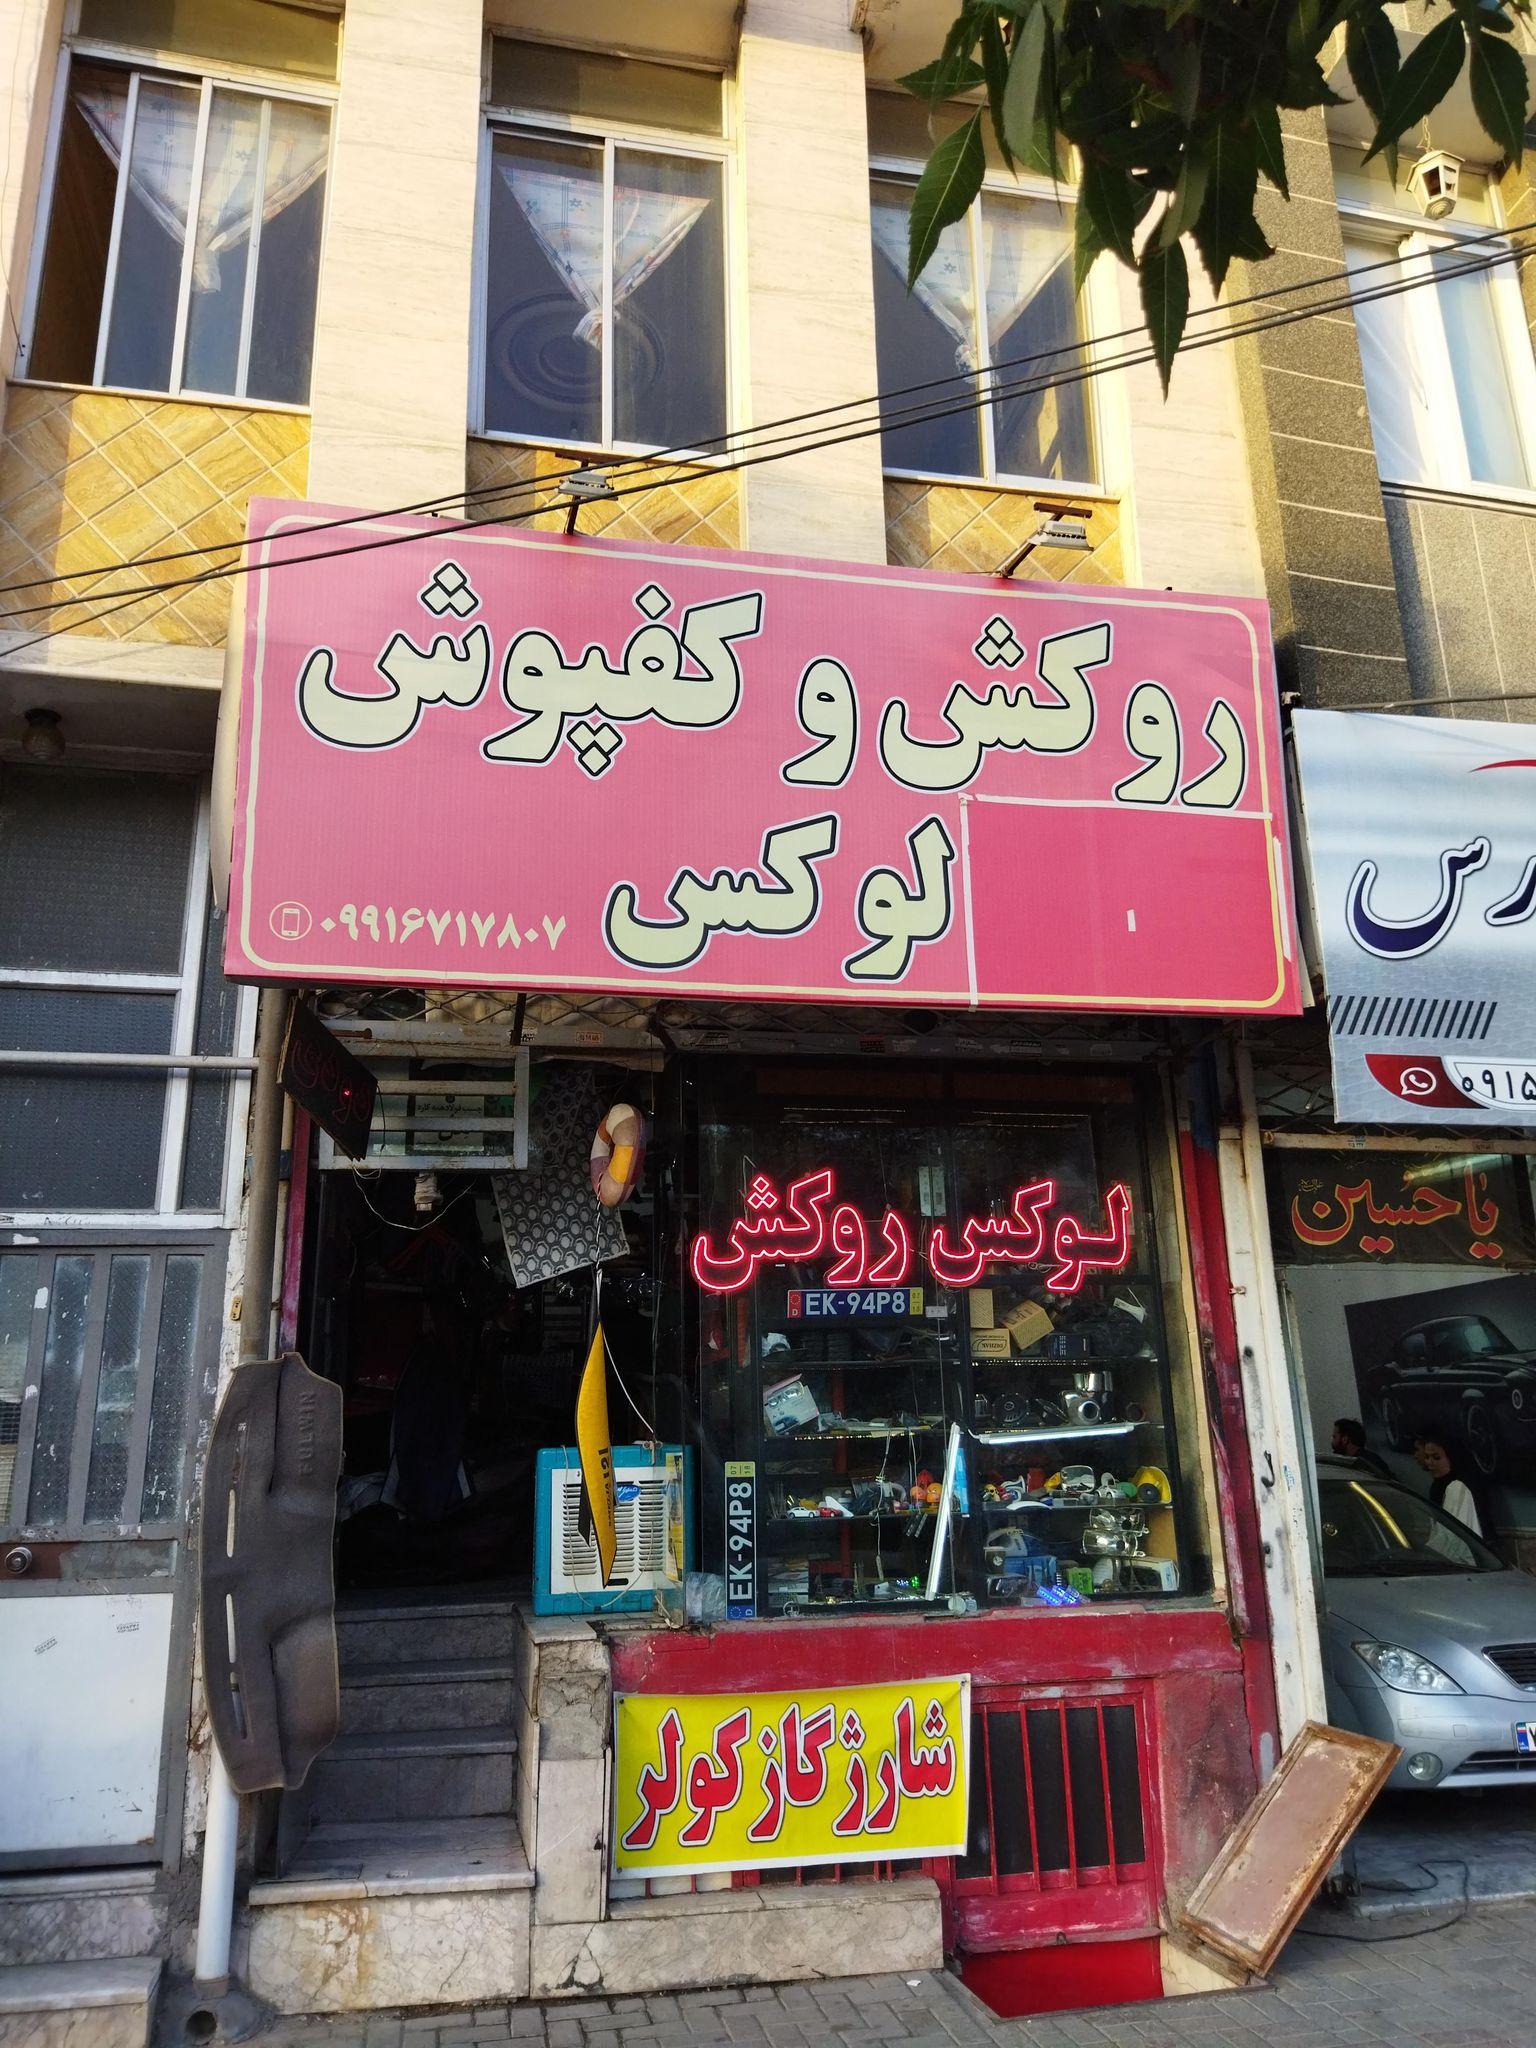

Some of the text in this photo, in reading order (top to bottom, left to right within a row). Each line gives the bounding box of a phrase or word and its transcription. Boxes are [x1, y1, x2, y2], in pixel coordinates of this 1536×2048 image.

[296, 560, 1249, 808] روکش و کفپوش
[321, 903, 567, 950] ۰۹۹۱۶۷۱۷۸۰۷
[603, 812, 958, 982] لوکس
[692, 1169, 1131, 1292] لوکس روکش
[805, 1291, 906, 1316] EK-94P8
[729, 1482, 753, 1600] EK-94P8
[621, 1696, 956, 1850] شارژ گاز کولر

++++++++++

Pictures stay out; everything else in the listing above is to be repeated exactly.

Some of the text in this photo, in reading order (top to bottom, left to right within a row). Each line gives the bounding box of a phrase or word and its transcription. Boxes are [x1, y1, x2, y2], in pixel coordinates of this 1536×2048 image.

[296, 560, 1249, 808] روکش و کفپوش
[321, 903, 567, 950] ۰۹۹۱۶۷۱۷۸۰۷
[603, 812, 958, 982] لوکس
[692, 1169, 1131, 1292] لوکس روکش
[805, 1291, 906, 1316] EK-94P8
[729, 1482, 753, 1600] EK-94P8
[621, 1696, 956, 1850] شارژ گاز کولر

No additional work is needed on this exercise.